Transcribe the listing below in its entirety, exactly.
* * * * * * *
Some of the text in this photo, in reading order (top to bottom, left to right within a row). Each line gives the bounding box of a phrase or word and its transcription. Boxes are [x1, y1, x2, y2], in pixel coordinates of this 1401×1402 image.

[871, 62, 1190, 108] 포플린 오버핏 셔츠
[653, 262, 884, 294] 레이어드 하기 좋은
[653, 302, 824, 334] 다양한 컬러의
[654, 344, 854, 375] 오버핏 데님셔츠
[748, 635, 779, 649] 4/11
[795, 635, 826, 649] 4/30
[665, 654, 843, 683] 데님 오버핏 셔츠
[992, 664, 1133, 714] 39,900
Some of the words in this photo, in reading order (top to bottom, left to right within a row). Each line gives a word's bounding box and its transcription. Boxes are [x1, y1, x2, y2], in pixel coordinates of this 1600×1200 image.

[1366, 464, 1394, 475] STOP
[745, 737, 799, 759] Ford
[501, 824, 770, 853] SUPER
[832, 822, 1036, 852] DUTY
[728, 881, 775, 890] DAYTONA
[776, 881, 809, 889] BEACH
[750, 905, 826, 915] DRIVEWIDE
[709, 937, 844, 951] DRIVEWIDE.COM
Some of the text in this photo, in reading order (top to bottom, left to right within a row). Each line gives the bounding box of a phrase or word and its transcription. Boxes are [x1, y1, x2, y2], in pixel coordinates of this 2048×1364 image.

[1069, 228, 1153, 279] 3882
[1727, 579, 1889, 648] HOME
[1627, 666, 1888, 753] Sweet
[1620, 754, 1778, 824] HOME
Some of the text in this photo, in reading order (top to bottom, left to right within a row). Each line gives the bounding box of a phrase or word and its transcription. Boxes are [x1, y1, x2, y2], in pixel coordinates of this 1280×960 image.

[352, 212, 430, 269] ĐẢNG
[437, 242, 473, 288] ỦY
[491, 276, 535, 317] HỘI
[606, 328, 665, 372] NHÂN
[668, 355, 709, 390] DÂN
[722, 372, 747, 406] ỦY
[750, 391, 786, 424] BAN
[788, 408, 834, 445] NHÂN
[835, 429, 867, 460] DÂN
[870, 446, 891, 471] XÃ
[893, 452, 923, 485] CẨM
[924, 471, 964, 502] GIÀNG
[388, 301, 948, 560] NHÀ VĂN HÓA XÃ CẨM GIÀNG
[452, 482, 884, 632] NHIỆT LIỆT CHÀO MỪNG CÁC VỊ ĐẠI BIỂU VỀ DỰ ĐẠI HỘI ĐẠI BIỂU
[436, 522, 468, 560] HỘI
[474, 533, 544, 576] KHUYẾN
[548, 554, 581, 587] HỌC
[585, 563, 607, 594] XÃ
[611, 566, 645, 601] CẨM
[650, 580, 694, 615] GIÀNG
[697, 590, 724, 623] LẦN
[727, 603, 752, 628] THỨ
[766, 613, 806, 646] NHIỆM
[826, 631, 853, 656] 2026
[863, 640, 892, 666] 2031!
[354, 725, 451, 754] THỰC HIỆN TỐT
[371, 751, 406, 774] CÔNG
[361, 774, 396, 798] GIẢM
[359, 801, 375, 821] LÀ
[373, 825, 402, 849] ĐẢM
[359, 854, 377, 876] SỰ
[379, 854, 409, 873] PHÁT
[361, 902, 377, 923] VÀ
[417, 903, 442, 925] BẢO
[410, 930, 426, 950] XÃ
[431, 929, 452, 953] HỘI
* * * * * * *
• Answer below:
Some of the text in this photo, in reading order (top to bottom, left to right within a row). Each line gives the bounding box of a phrase or word and its transcription. Boxes are [x1, y1, x2, y2], in pixel coordinates of this 1401×1402 image.

[871, 62, 1190, 108] 포플린 오버핏 셔츠
[653, 262, 884, 294] 레이어드 하기 좋은
[653, 302, 824, 334] 다양한 컬러의
[654, 344, 854, 375] 오버핏 데님셔츠
[748, 635, 779, 649] 4/11
[795, 635, 826, 649] 4/30
[665, 654, 843, 683] 데님 오버핏 셔츠
[992, 664, 1133, 714] 39,900
Some of the words in this photo, in reading order (top to bottom, left to right within a row). Each line gives a word's bounding box and its transcription. Boxes are [x1, y1, x2, y2], in pixel coordinates of this 1600×1200 image.

[1366, 464, 1394, 475] STOP
[745, 737, 799, 759] Ford
[501, 824, 770, 853] SUPER
[832, 822, 1036, 852] DUTY
[728, 881, 775, 890] DAYTONA
[776, 881, 809, 889] BEACH
[750, 905, 826, 915] DRIVEWIDE
[709, 937, 844, 951] DRIVEWIDE.COM
Some of the text in this photo, in reading order (top to bottom, left to right within a row). Each line gives the bounding box of a phrase or word and its transcription. Boxes are [x1, y1, x2, y2], in pixel coordinates of this 2048×1364 image.

[1069, 228, 1153, 279] 3882
[1727, 579, 1889, 648] HOME
[1627, 666, 1888, 753] Sweet
[1620, 754, 1778, 824] HOME
Some of the text in this photo, in reading order (top to bottom, left to right within a row). Each line gives the bounding box of a phrase or word and its transcription. Boxes are [x1, y1, x2, y2], in pixel coordinates of this 1280×960 image.

[352, 212, 430, 269] ĐẢNG
[437, 242, 473, 288] ỦY
[491, 276, 535, 317] HỘI
[606, 328, 665, 372] NHÂN
[668, 355, 709, 390] DÂN
[722, 372, 747, 406] ỦY
[750, 391, 786, 424] BAN
[788, 408, 834, 445] NHÂN
[835, 429, 867, 460] DÂN
[870, 446, 891, 471] XÃ
[893, 452, 923, 485] CẨM
[924, 471, 964, 502] GIÀNG
[388, 301, 948, 560] NHÀ VĂN HÓA XÃ CẨM GIÀNG
[452, 482, 884, 632] NHIỆT LIỆT CHÀO MỪNG CÁC VỊ ĐẠI BIỂU VỀ DỰ ĐẠI HỘI ĐẠI BIỂU
[436, 522, 468, 560] HỘI
[474, 533, 544, 576] KHUYẾN
[548, 554, 581, 587] HỌC
[585, 563, 607, 594] XÃ
[611, 566, 645, 601] CẨM
[650, 580, 694, 615] GIÀNG
[697, 590, 724, 623] LẦN
[727, 603, 752, 628] THỨ
[766, 613, 806, 646] NHIỆM
[826, 631, 853, 656] 2026
[863, 640, 892, 666] 2031!
[354, 725, 451, 754] THỰC HIỆN TỐT
[371, 751, 406, 774] CÔNG
[361, 774, 396, 798] GIẢM
[359, 801, 375, 821] LÀ
[373, 825, 402, 849] ĐẢM
[359, 854, 377, 876] SỰ
[379, 854, 409, 873] PHÁT
[361, 902, 377, 923] VÀ
[417, 903, 442, 925] BẢO
[410, 930, 426, 950] XÃ
[431, 929, 452, 953] HỘI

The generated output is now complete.